A 25 y.o. male presents with a several-month history of episodic nausea, emesis, and fatigue. He initially denied fevers, chills, diarrhea, hematochezia, melena, weight loss, or night sweats. Laboratory analysis revealed a normal WBC count, but a mildly elevated eosinophil level of 900. An EGD showed nodular gastric mucosa with diffuse erythema and focal erosions. Gastric biopsies revealed increased eosinophils, but the sample was not diagnostic for eosinophilic gastritis. His symptoms persisted despite promethazine as needed. Repeat EGD was performed and this time gastric biopsies returned consistent with eosinophilic gastritis. He was placed on predisone at 40mg daily for 2 months with only a mild decrease in symptoms. He was referred to our center for further evaluation. A thorough evaluation for infectious etiologies was entirely negative. Skin tests to 77 allergens were normal. Serum testing revealed an ALT of 345 U/L, AST of 254 U/L, and normal bilirubin and alkaline phosphatase.
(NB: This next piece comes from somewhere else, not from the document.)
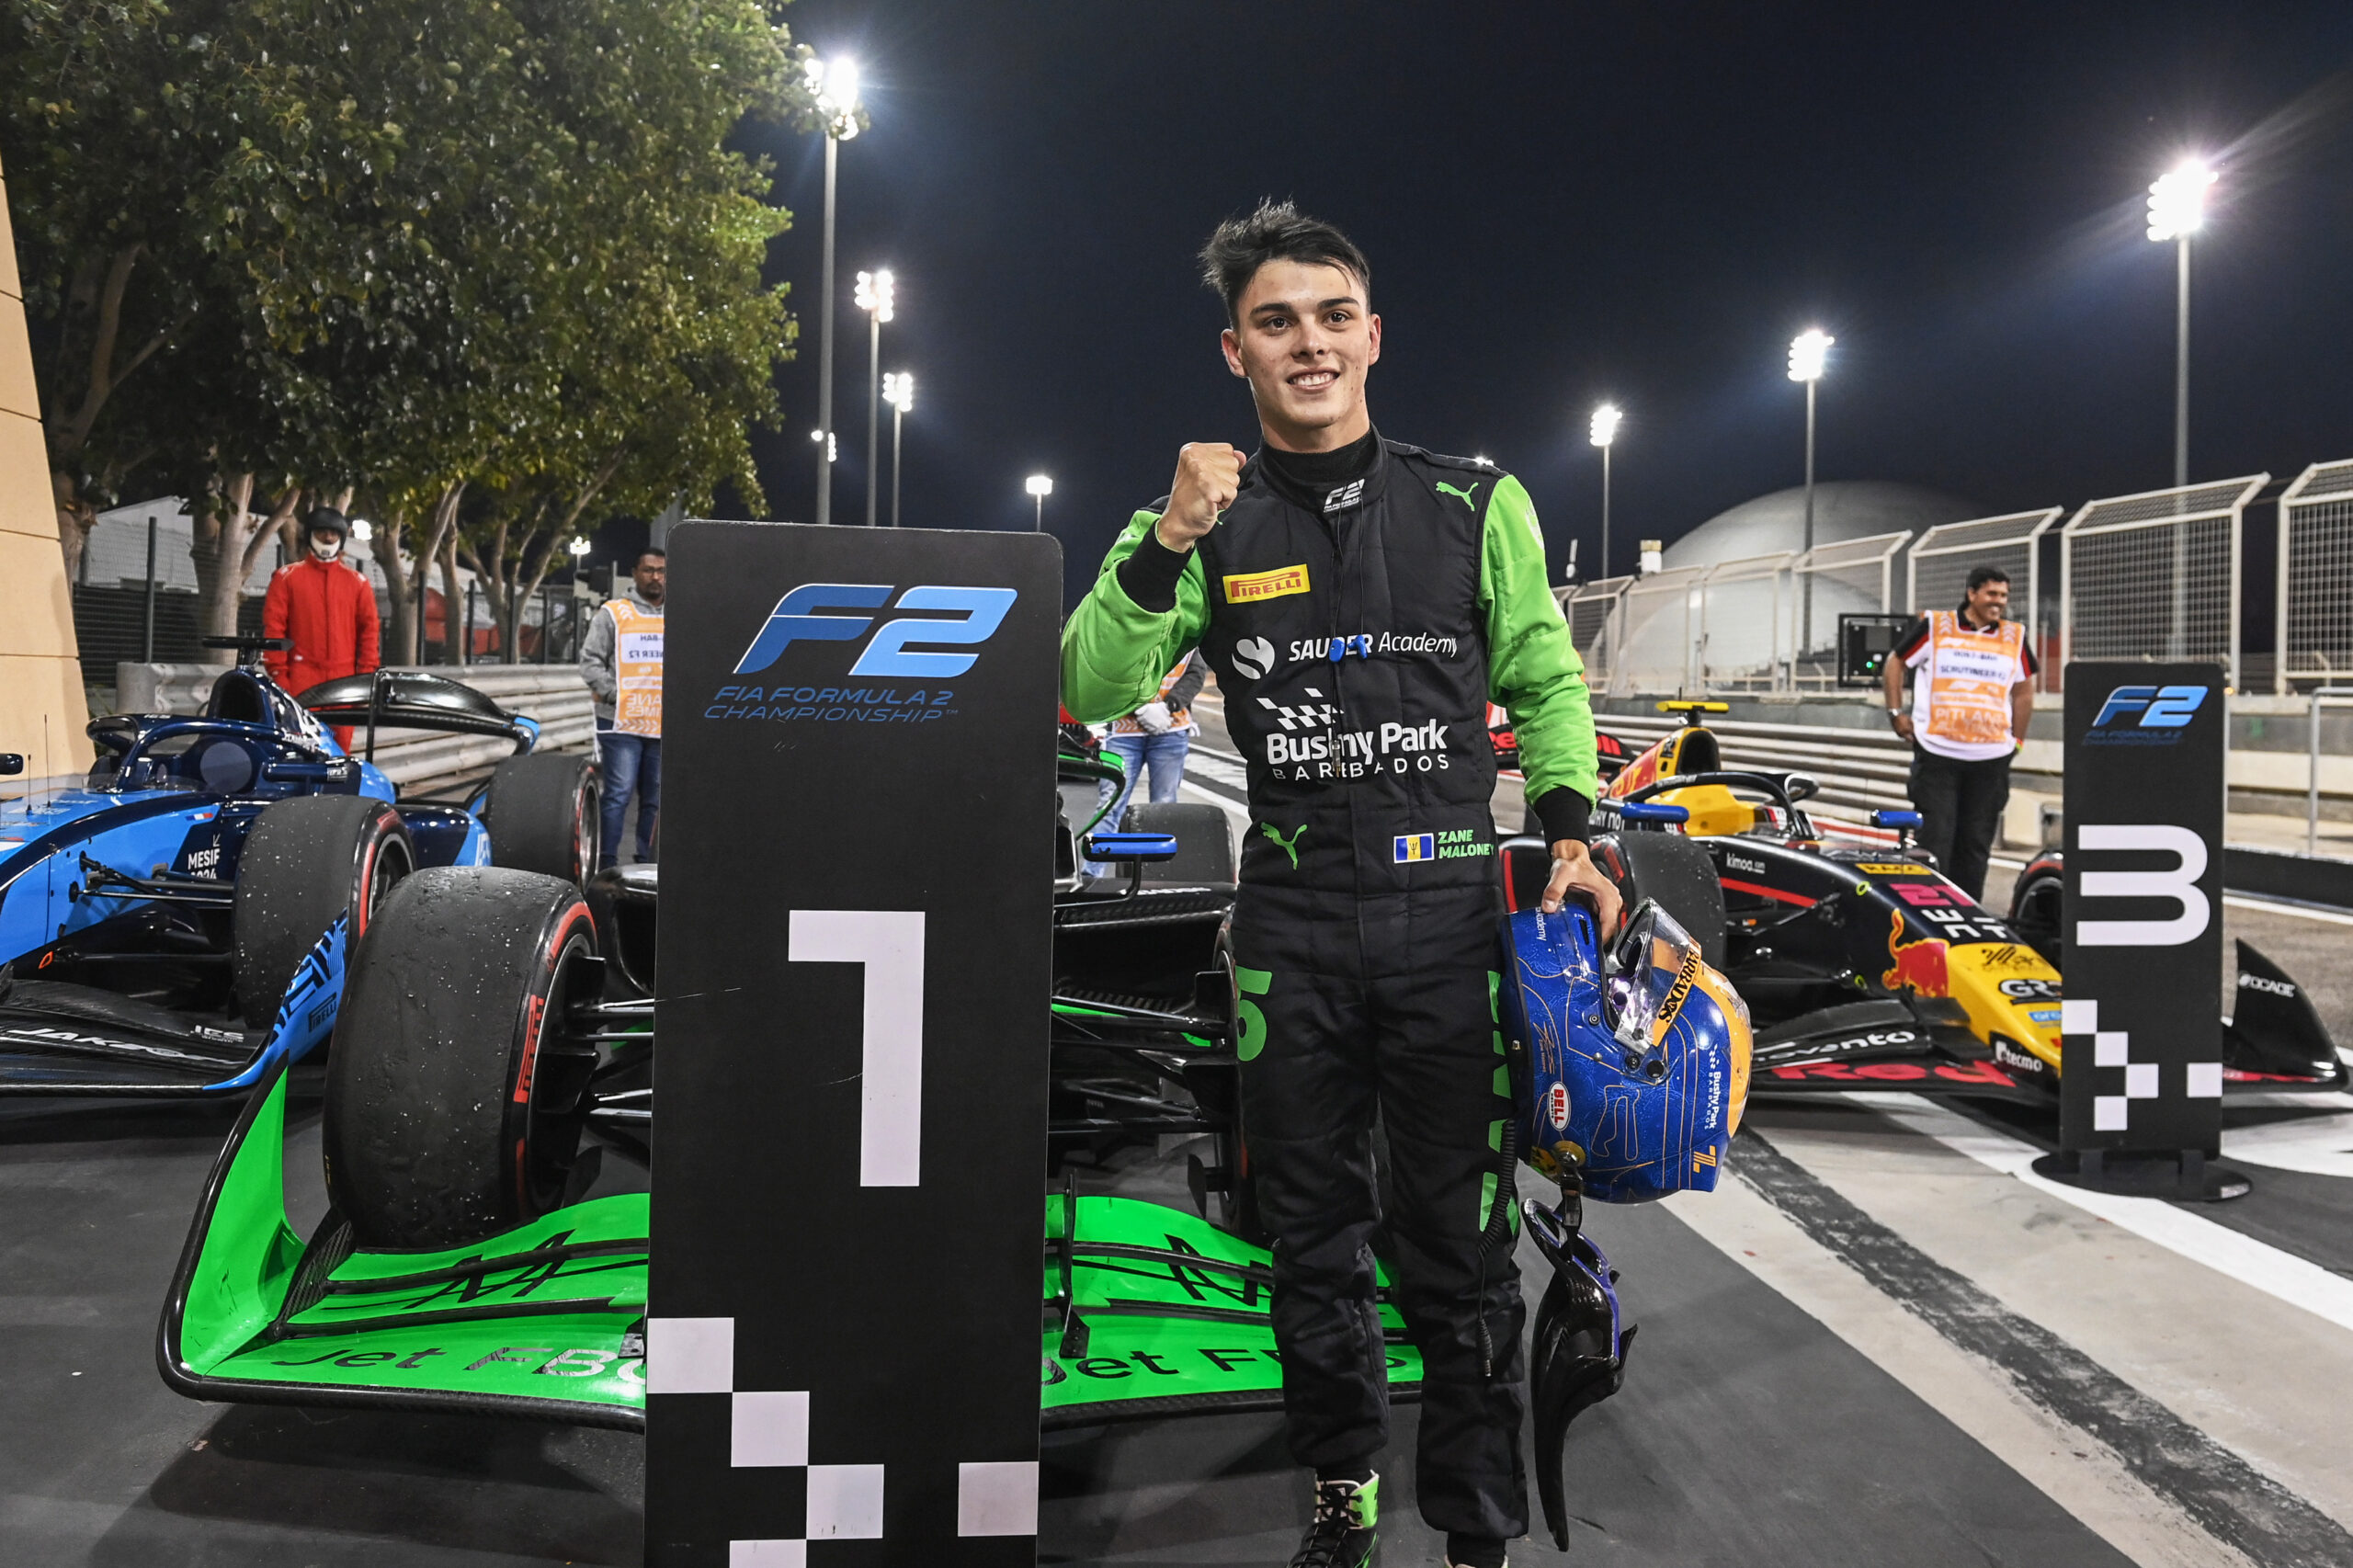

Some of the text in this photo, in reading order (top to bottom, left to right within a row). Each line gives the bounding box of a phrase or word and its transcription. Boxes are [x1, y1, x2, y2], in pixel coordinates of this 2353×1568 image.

An IBD panel revealed a (+) P-ANCA. Upon further questioning, the patient admitted to a history of diarrheal stools, from 5–7 per day, with intermittent hematochezia. Colonoscopy revealed pancolitis with erythematous mucosa and ulcerations. Biopsies taken from numerous colonic segments showed eosinophilc colitis. MRCP was obtained and was consistent with primary sclerosing cholangitis (PSC). Liver biopsies confirmed this diagnosis. The patient was placed on prednisone at 40 mg per day, azathioprine 50mg per day, and ursodeoxycholic acid 1800 mg per day (27mg/kg/day). His symptoms markedly improved. After 2 weeks, his azathioprine was increased to 100mg, and his steroids were tapered. Repeat upper endoscopy in 2 months revealed improvement of his gastric lesions both endoscopically and histologically. He is currently tolerating a gradual steroid taper. Eosinophilic gastroenteritis is an uncommon condition which may involve any part of the digestive system, including the biliary system. This case illustrates several rare events. First, to our knowledge it is only the third reported case in the English language of biliary involvement with eosinophilic colitis or gastritis. Second, it is the only reported case in which the biliary tract did not show marked eosinophilia. Third, it is the first reported case of improvement with antimetabolite therapy.